IOWA CITY, Iowa — Researchers at the Iowa Center for Gene Therapy announced that they may have developed a way for parents to prevent their socially damaging Disney Adult genes to be passed on to their children.
“As someone who has lost two close friends to ‘Disney Adulthood,’ I feel like this is my life’s mission and we are on the cusp of something big,” stated lead gene researcher Dr. Rebecca Plint. “To be honest, I didn’t know that such a destructive personality development could be treated genetically. But we have two test subjects who received the treatment, and their newborn children show no signs of interest in Disney in any form, including the Star Wars and Marvel franchises.”
Currently afflicted Disney Adults are understandably relieved that possible solutions for their malady may soon exist.

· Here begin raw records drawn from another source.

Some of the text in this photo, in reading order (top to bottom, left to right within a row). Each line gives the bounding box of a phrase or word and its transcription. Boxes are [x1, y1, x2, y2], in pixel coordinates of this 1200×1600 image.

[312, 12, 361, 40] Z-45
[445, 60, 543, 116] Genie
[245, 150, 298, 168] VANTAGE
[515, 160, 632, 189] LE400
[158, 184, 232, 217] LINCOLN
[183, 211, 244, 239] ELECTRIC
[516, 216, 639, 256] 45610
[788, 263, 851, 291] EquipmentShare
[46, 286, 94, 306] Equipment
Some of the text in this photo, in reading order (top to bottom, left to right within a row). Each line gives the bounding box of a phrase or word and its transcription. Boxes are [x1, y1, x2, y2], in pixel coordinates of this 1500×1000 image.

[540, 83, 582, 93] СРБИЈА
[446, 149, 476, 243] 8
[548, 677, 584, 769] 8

“It makes me nauseous to think about all the time and money… dear God, the money… I’ve spent in the name of Disney,” admitted Oliver Malkin while stroking one of his 400 framed photos from Splash Mountain. “But I can’t stop. If I see a long weekend coming up in my work schedule, I blackout and wake up to Disney World reservation emails. I’ve spent so much of my life in line waiting for the Peter Pan ride only to get to the front and learn it’s down for repair. It’s not even a fun ride, yet I am powerless to resist. And yes, I’m fully aware of how evil Disney as a corporation is. I want a better life for my children!”

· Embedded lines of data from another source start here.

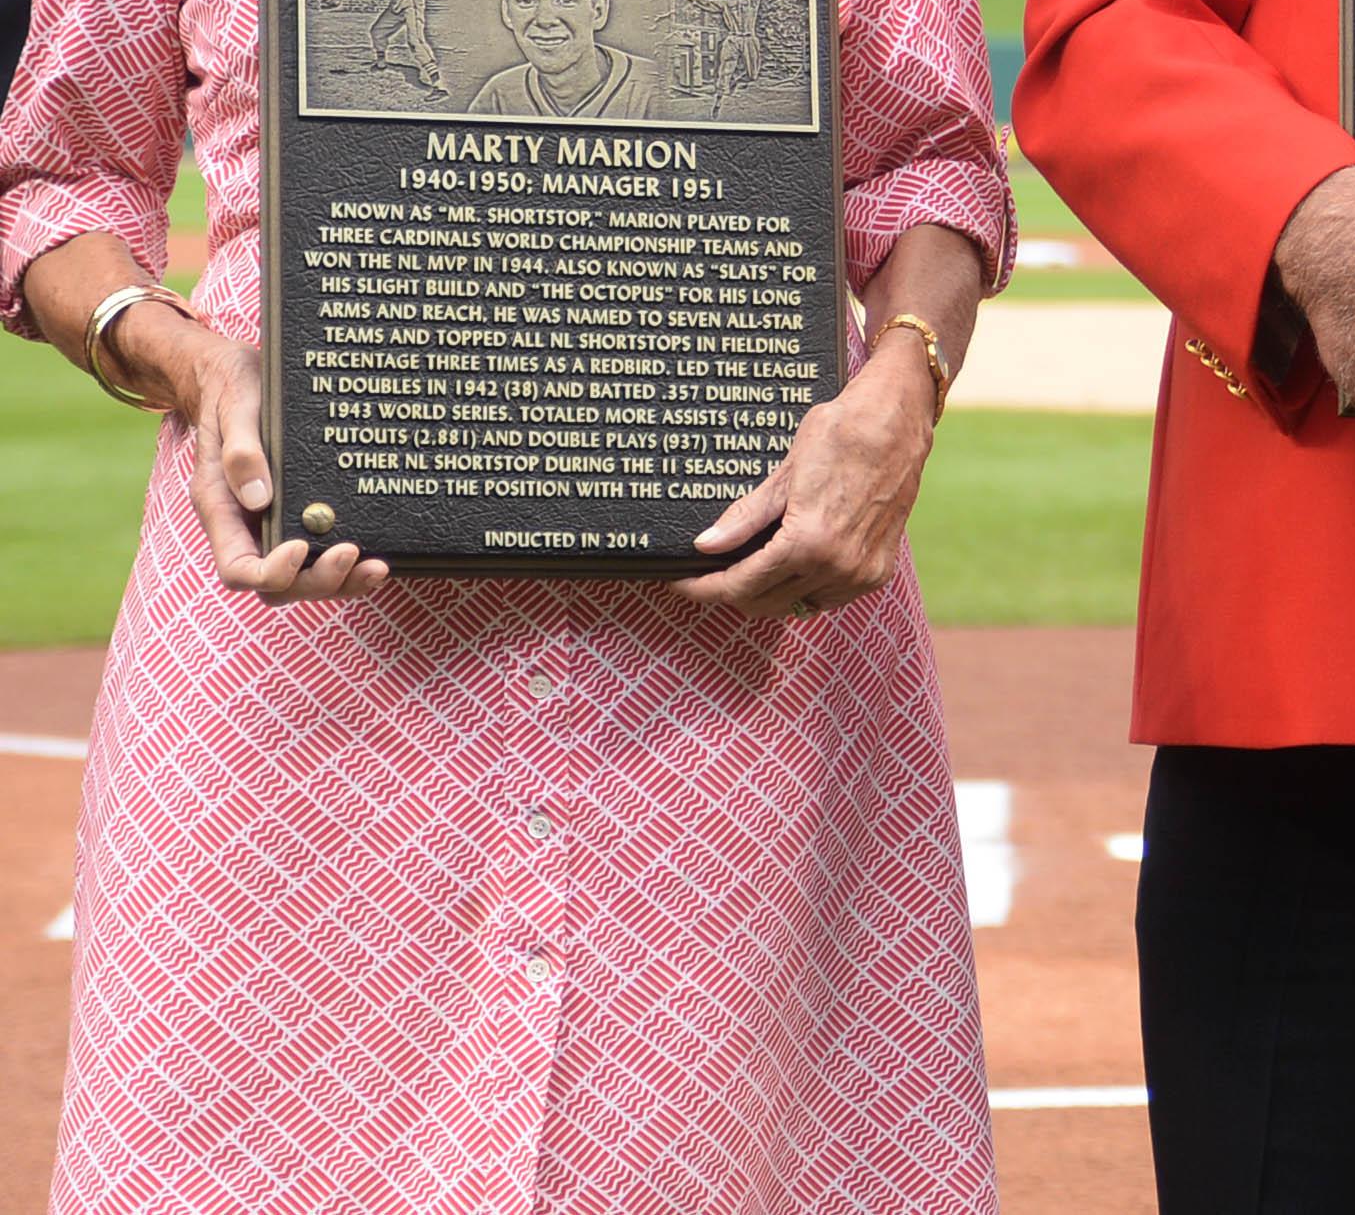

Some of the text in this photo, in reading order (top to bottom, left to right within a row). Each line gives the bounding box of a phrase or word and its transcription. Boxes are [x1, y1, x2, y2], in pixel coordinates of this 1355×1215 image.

[426, 131, 696, 169] MARTY MARION
[400, 167, 722, 199] 1940-1950; MANAGER 1951
[317, 225, 803, 257] THREE CARDINALS WORLD CHAMPIONSHIP TEAMS AND
[319, 300, 803, 330] ARMS AND REACH, HE WAS NAMED TO SEVEN ALL-STAR
[323, 325, 800, 354] TEAMS AND TOPPED ALL NL SHORTSTOPS IN FIELDING
[305, 349, 819, 378] PERCENTAGE THREE TIMES AS A REDBIRD. LED THE LEAGUE
[484, 530, 649, 548] INDUCTED IN 2014

Even though most people agree that the nullification of Disney-based proclivities will produce a better life for the subjects, some debate the ethics of such a treatment.
“What we don’t know is what addictions or desires will replace the artificially removed Disney desire,” said philosopher Hans-Jurgen Schneider. “What I’m saying is a nerd is a nerd is a nerd. Just because they no longer spend most of their income in Anaheim doesn’t mean they’ll suddenly appreciate the works of more challenging art. The geeky base desire will transfer towards Harry Potter, or wrestling, or visiting national parks and documenting it on Instagram like people give a shit.”
Dr. Rebecca Plint’s research has reportedly hit a bit of a setback, as her coworkers and friends have begun clinical trials for a treatment that would stop her from being such an insufferable Criterion Channel snob.